I am uncomfortable seeing the Confederate flag.
When I was a teenager, several members of my family drove to Louisiana from Houston for a special ceremony honoring one of my grandmother’s ancestors who fought for the Confederacy and was being reinterred in a cemetery near where he was born. In all honesty, when I think back, only three details jump out in my memory about the ceremony: listening to one of the worst bagpipers I have ever heard, a few re-enactors in gray uniforms that looked way too hot for Louisiana heat, and feeling uncomfortable with there being entirely too many Confederate flags on display.
Growing up in Texas, I wasn’t a stranger to the flag. Aside from learning about it in history class, you can’t live in a Southern state and not get used to seeing it in different places – as stickers on vehicles, waving in front yards, or adorning the shirts of men, women, and children. Then there were the representations in popular culture ranging from Civil War movies to television shows to modern-day examinations and debates about the flag in both fiction and nonfiction.
The Confederate flag was an inescapable part of life in the South, although not in my household. I don’t remember any big discussions about it growing up, but my Mom saw it as a symbol of division and said it wasn’t welcome in our home.
When I moved to North Carolina for my first job working for a professional newspaper, the Civil War became much more of an interactive topic. I was assigned to cover battle re-enactments and living history events that would see me interacting with a great many history enthusiasts, many of them wearing gray or navy uniforms.
Of course, my experience in North Carolina was only a warm-up for what I would experience as a reporter in Winchester, Virginia, which is estimated to have changed hands upwards of 70 times during the war. Compounding that, I lived there smack-dab in the middle of the war’s sesquicentennial, so everything that could be remembered in a re-enactment, lecture, documentary, tour, or book release seemed to be something I was sent to cover.
When I came to Powhatan, I began covering the Memorial Day and Veterans Day ceremonies held at the Huguenot Springs Cemetery, which I have found for the most part to be events focused on honoring the fallen soldiers buried there and in other places around the nation.
Throughout it all, the Confederate flag has been there. It’s not something I chose, but it is not something I actively fought against either.
In my opinion, the Confederate flag does not belong in Powhatan County Public Schools in any capacity except a history classroom, where, hopefully, the Civil War is being taught with great depth and understanding of present-day correlations.

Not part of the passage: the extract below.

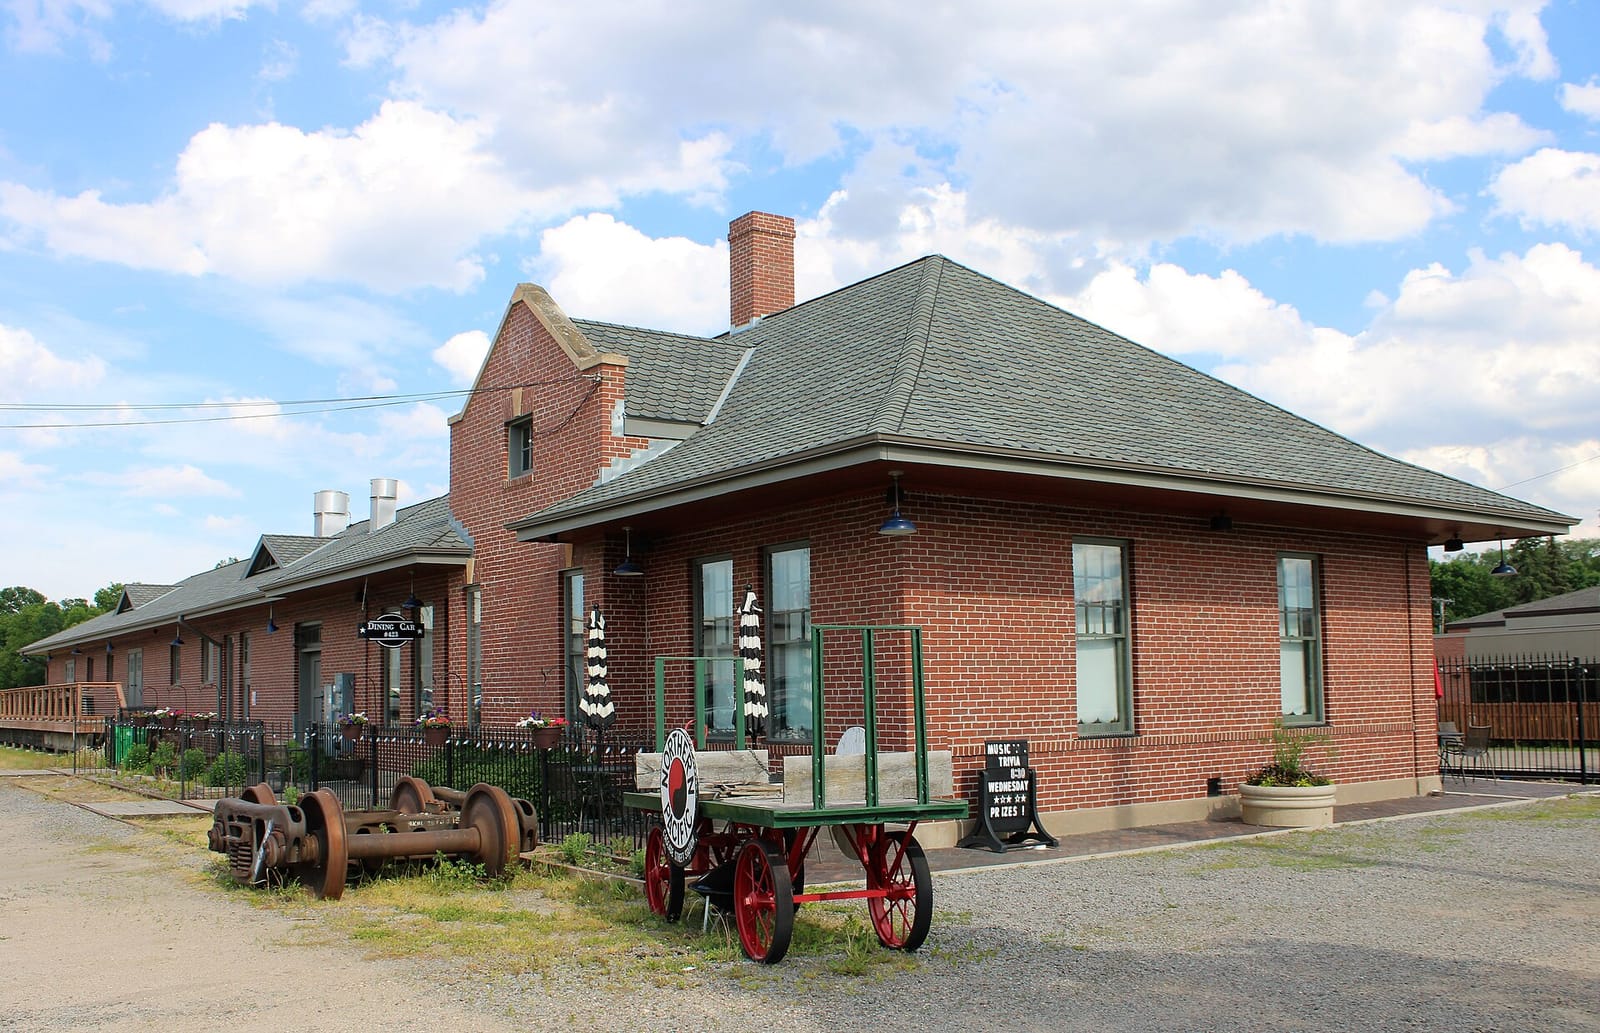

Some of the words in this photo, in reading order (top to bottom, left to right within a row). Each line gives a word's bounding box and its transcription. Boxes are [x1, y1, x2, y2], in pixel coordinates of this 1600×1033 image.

At the end of June, the Diverse Hands at Work student group sent a well-argued letter to Dr. Eric Jones, superintendent, asking that the Confederate flag be banned from being worn or displayed on school property. They argued it is a symbol of “racism, discrimination, divisiveness, and hate” and said they do not feel safe in school when it is being displayed or worn there.
The school board was scheduled to discuss this issue at its July 28 meeting and possibly make a decision about it in August. When they do make that decision, I also believe the school board should ban the Confederate flag in schools in any capacity except legitimate educational uses.
I am a staunch believer in the 1st Amendment and the need to protect freedom of speech, even when people are saying things or displaying symbols that I do not agree with and wish would fade into history.
But I also believe that schools have the right and the duty to create a learning environment where students can learn and thrive without feeling intimidated or threatened.
I am not talking about “coddling” students or failing to prepare them for the real world, where they are likely to see plenty of things that offend them. A board member’s suggestion that they might consider banning clothing with images or wording of any kind to try to completely avoid offending people is overkill and not what this is about. Throughout my life, I distinctly remember times when different groups argued to ban the Smurfs, Rainbow Brite, rainbows, unicorns, Power Rangers, and Harry Potter, usually arguing it offended them on religious grounds. This is not that argument.
I said at the beginning of this column that I am uncomfortable seeing the Confederate flag, and that is true. What also is true is that I have never had to be afraid of it. But then, looking at the color of my skin, I have never had to be afraid of it.
For the purpose of this column already being really long, I am not going to go into the arguments about the reasons for the Civil War or the debate of states’ rights versus slavery. Because the use of the Confederate battle flag, as this particular flag would more accurately be described, did not cease when the Civil War ended in 1865. It also was used by different generations in the last 155 years in many different ways – and at least part of that involved being used in efforts related to white supremacy and racial oppression.
In particular, the flag was taken up in the 1930s and 1940s as an important segregationist symbol and was used widely by the Ku Klux Klan, which worked for decades to intimidate and terrorize African Americans in the South. Today, the Confederate flag persists in being used as a popular symbol by members of the Ku Klux Klan, white supremacists groups, and neo-Nazis.
Powhatan County Public Schools has been entrusted by Powhatan citizens to educate its students, and I would argue that also should include the history of the Confederate flag, both during the war and in the time since. But beyond education, the schools also are charged with protecting and empowering students, and part of that is accomplished by working to create an environment where they are not continually confronted with an image that makes some of them feel unsafe.